Salut, vieux.
Tu doutes, hein ? Je pense que tu as raison. Aujourd’hui, c’est gueule de bois. Encore. Le matin en ruines, et tout le bordel. Mais c’est vrai que celle-là, y fallait la voir venir. La dernière fois, déjà, tu avais dérouillé comme il faut. Sauf que c’est toi qui jouais, même à brasser de l’air pendant des mois. Tu n’as jamais été capable d’être un ami correct, et tu as fait semblant jusqu’à la rupture, épuisé. Je ne t'en veux pas pour ça.

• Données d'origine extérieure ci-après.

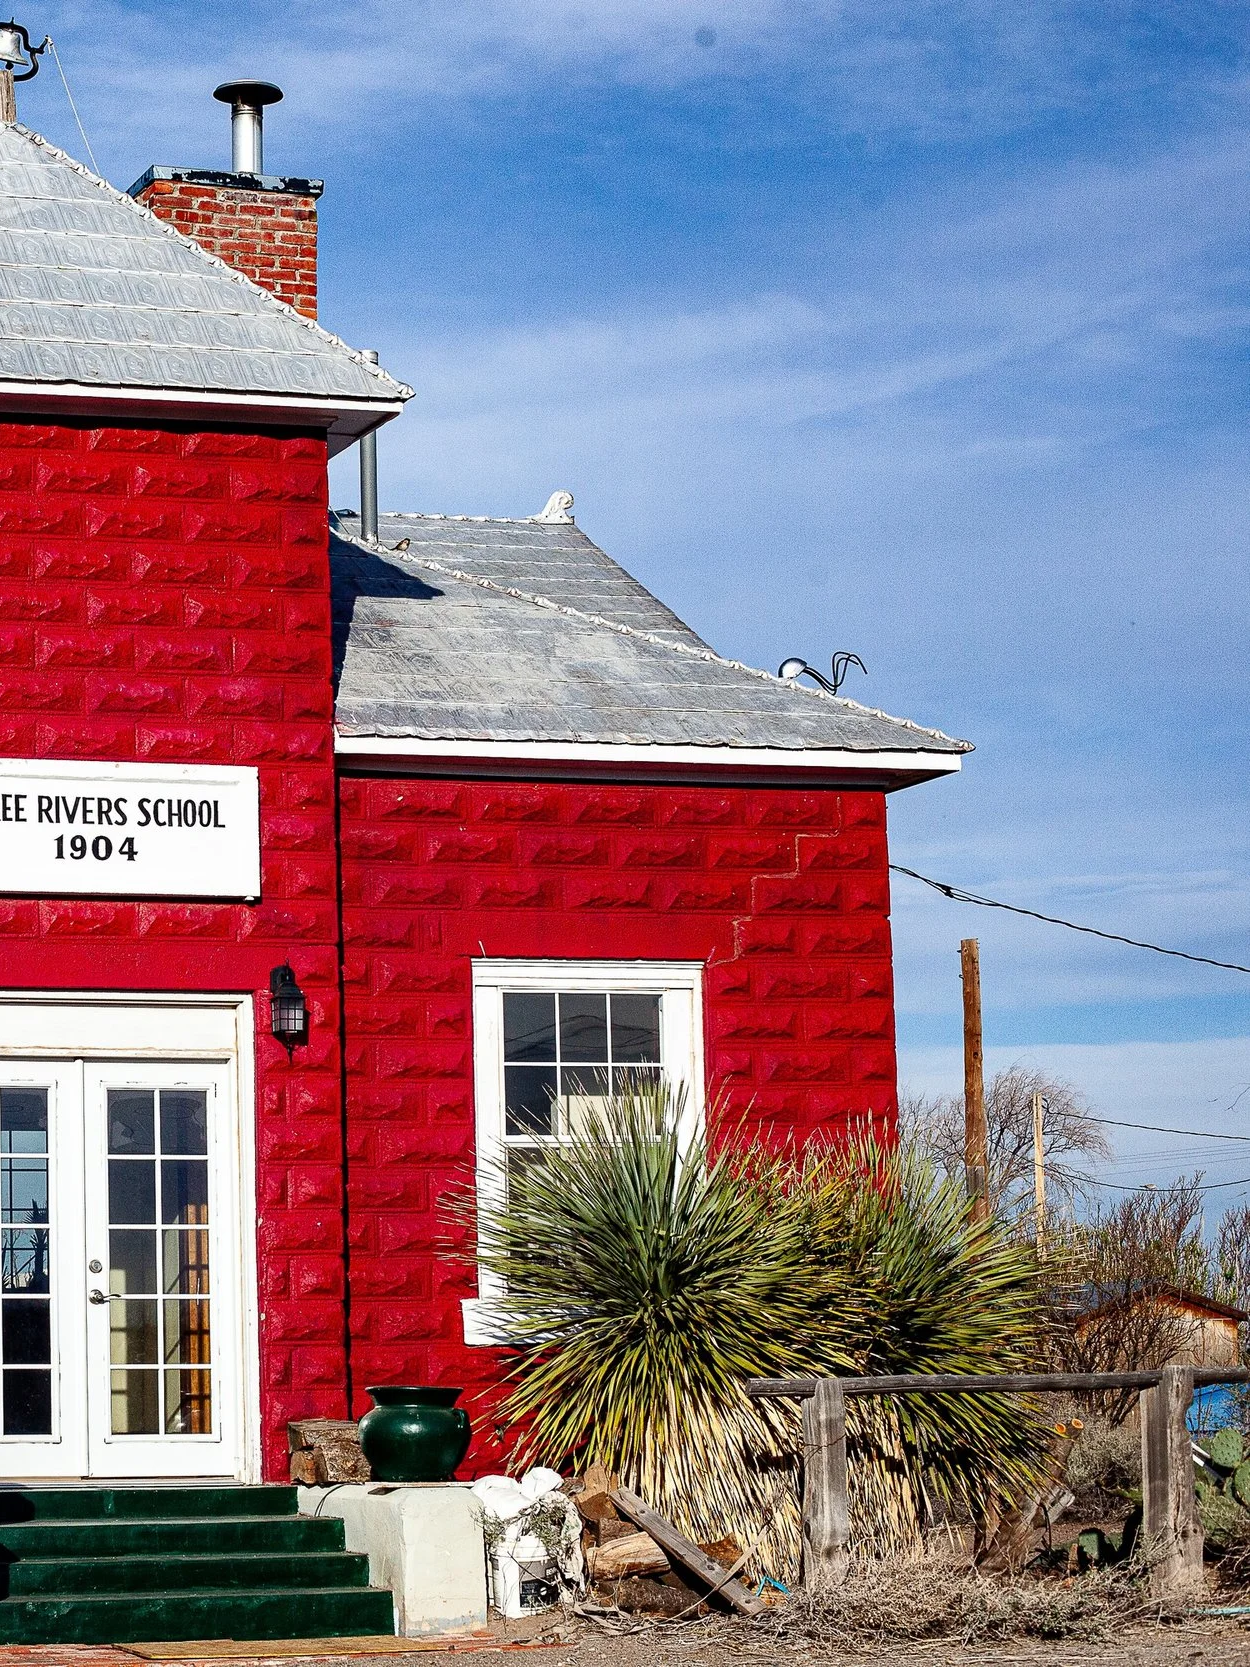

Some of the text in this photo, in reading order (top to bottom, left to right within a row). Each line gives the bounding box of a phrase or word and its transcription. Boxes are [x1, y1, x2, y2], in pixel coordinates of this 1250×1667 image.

[37, 796, 128, 825] RIVERS
[136, 798, 226, 828] SCHOOL
[54, 834, 139, 861] 1904

Tu t’es relevé assez vite, somme toute, car elle a fini par arriver, l’amie, la vraie. Du moins, c'est ce que tu me disais. Tu es tout de suite reparti avec elle, bien étonné de voir comment tout était plus simple, soudain. De la spontanéité, une étonnante compatibilité, au service d’un vrai partage. Tout ce que tu t’es tué à attendre avec l’autre, pendant presque un an. Là où tu dépensais une énergie hallucinante à faire semblant, tu avais enfin trouvé celle avec qui en fabriquer. L’amitié, quoi, le truc trop top. Elle ne te laisse même pas le temps d’y penser, tellement on se fend la gueule. Cette fois, c’est vrai, tu ne savais pas. A côté de ça, tu pouvais aller chasser, sans grande conviction, et encore moins de résultat. Et pour cause, celle que tu cherchais, elle était là, juste à côté, déguisée en camarade. Je te l'avais soufflé, pourtant. Toi, tu étais tellement certain de ce qu’il y avait à tes côtés que tu regardais dans toutes les directions, sauf celle-là.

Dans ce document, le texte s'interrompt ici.